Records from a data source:
____________

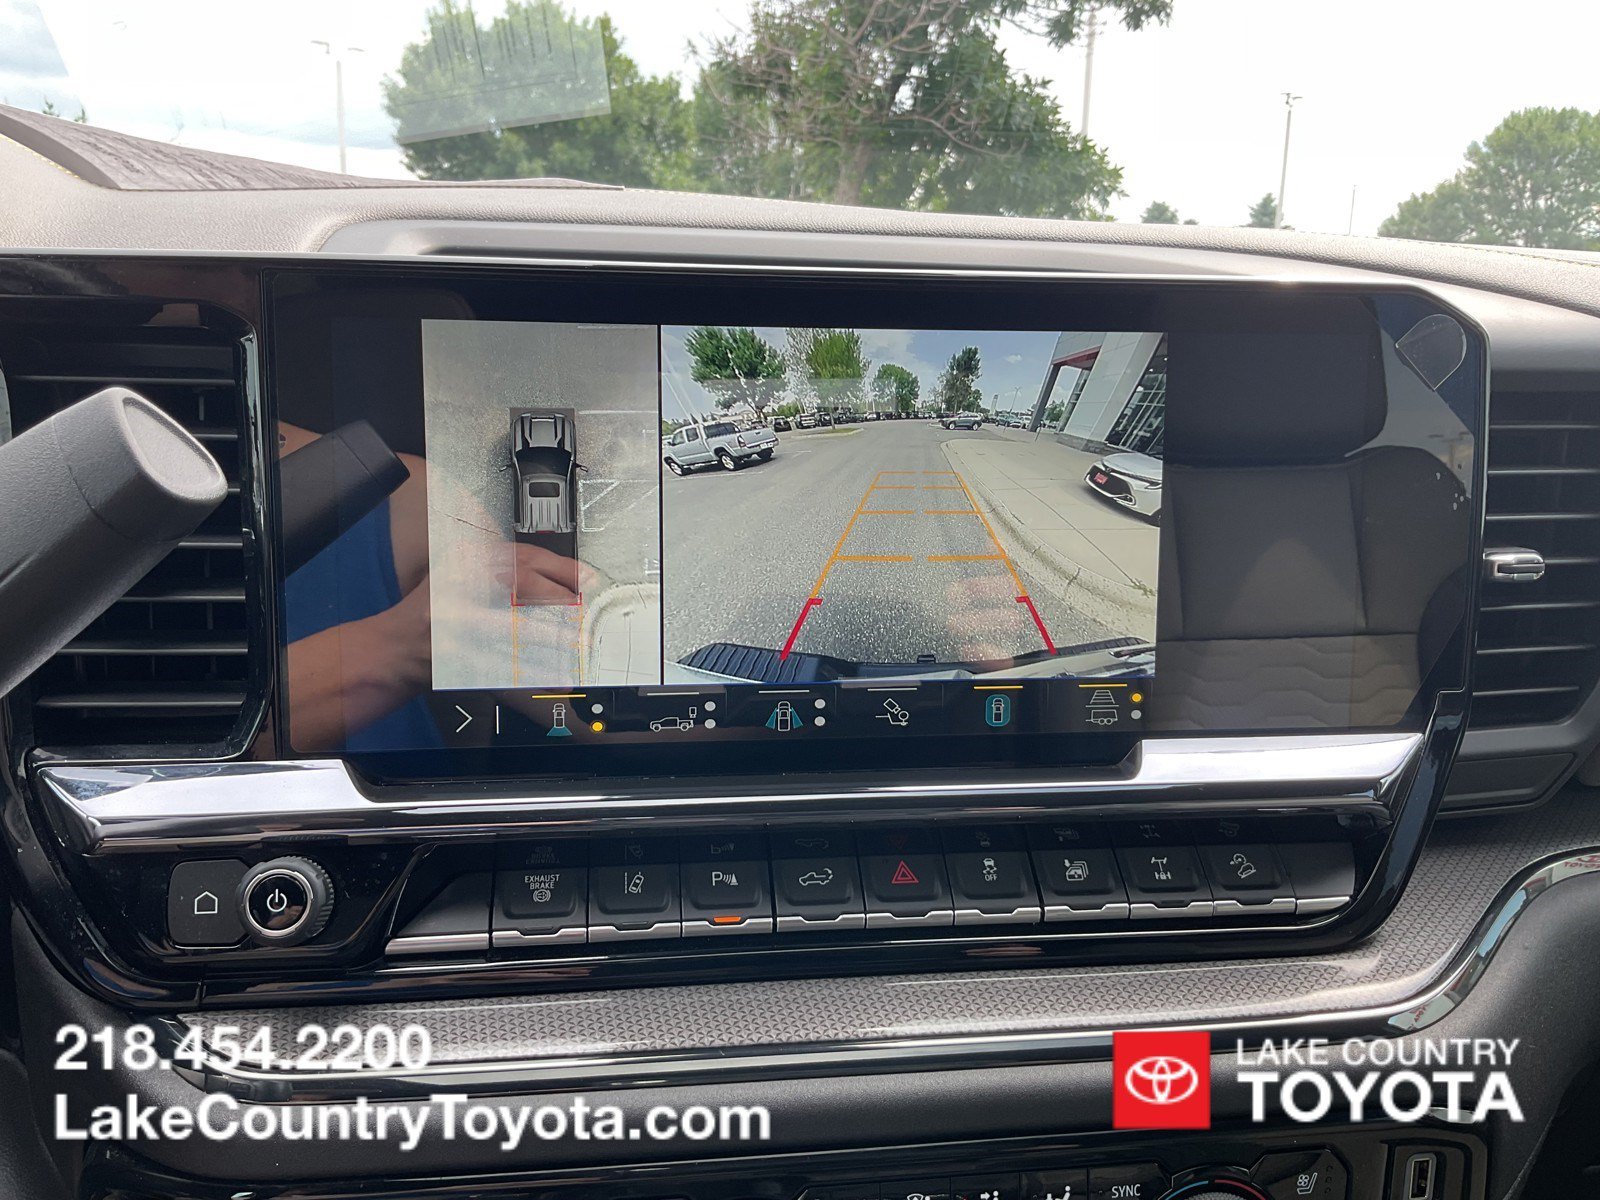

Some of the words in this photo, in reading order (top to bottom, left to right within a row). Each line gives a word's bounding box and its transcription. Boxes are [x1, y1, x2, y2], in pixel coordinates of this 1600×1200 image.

[524, 873, 560, 883] EXHAUST
[985, 873, 997, 881] OFF
[530, 881, 554, 889] BRAKE
[1112, 1184, 1140, 1198] SYNC
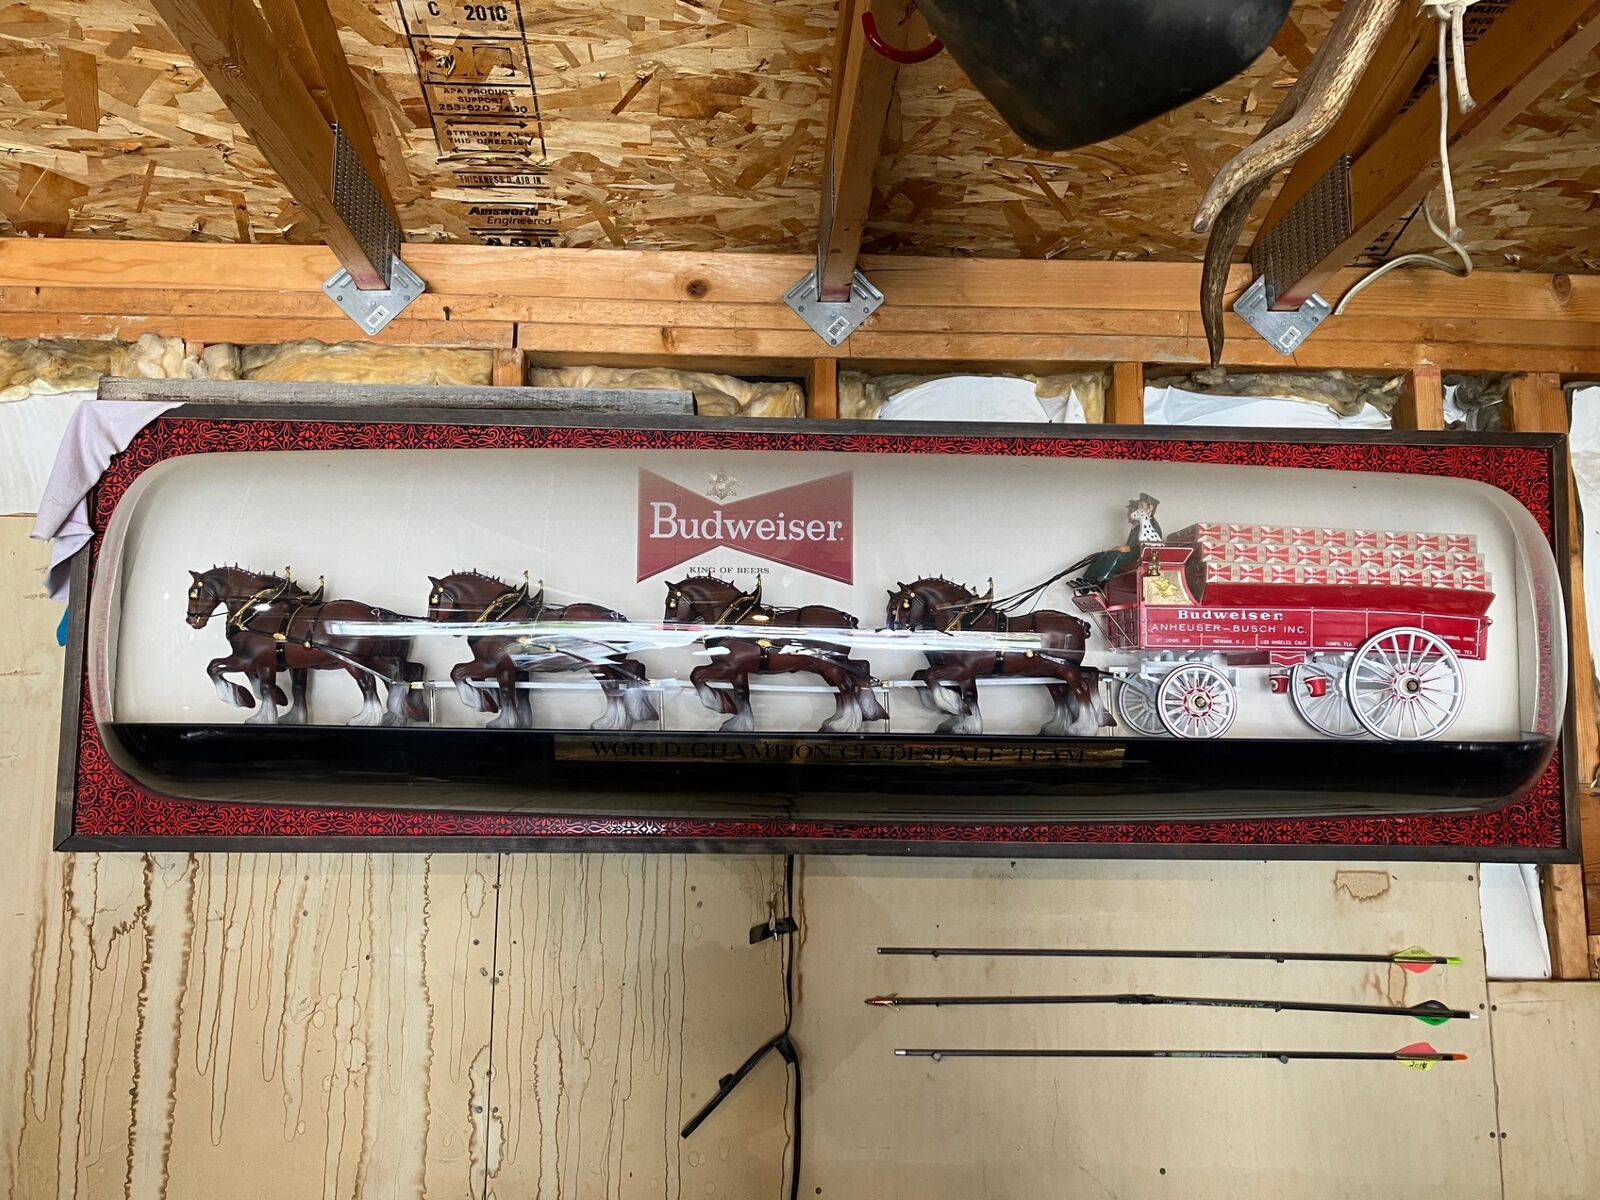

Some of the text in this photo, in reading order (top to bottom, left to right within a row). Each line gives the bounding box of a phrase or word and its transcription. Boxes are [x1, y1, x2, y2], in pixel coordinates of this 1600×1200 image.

[467, 88, 516, 97] PRODUCT
[457, 96, 505, 104] SUPPORT
[445, 130, 501, 138] STRENGTH
[477, 138, 533, 147] DIRECTION
[459, 174, 505, 184] THICKNESS
[486, 216, 553, 227] Engineered
[689, 566, 716, 574] KING
[1283, 625, 1308, 634] INC.
[591, 741, 1086, 762] WORLD CHAMPION CLYDESDALE TEAM

____________

■ What the exercise asks ■
Omit the pictures and reproduce the records above exactly.

■ Result for this exercise ■
Some of the words in this photo, in reading order (top to bottom, left to right within a row). Each line gives a word's bounding box and its transcription. Boxes are [x1, y1, x2, y2], in pixel coordinates of this 1600×1200 image.

[524, 873, 560, 883] EXHAUST
[985, 873, 997, 881] OFF
[530, 881, 554, 889] BRAKE
[1112, 1184, 1140, 1198] SYNC

Some of the text in this photo, in reading order (top to bottom, left to right within a row). Each line gives the bounding box of a phrase or word and its transcription. Boxes are [x1, y1, x2, y2], in pixel coordinates of this 1600×1200 image.

[467, 88, 516, 97] PRODUCT
[457, 96, 505, 104] SUPPORT
[445, 130, 501, 138] STRENGTH
[477, 138, 533, 147] DIRECTION
[459, 174, 505, 184] THICKNESS
[486, 216, 553, 227] Engineered
[689, 566, 716, 574] KING
[1283, 625, 1308, 634] INC.
[591, 741, 1086, 762] WORLD CHAMPION CLYDESDALE TEAM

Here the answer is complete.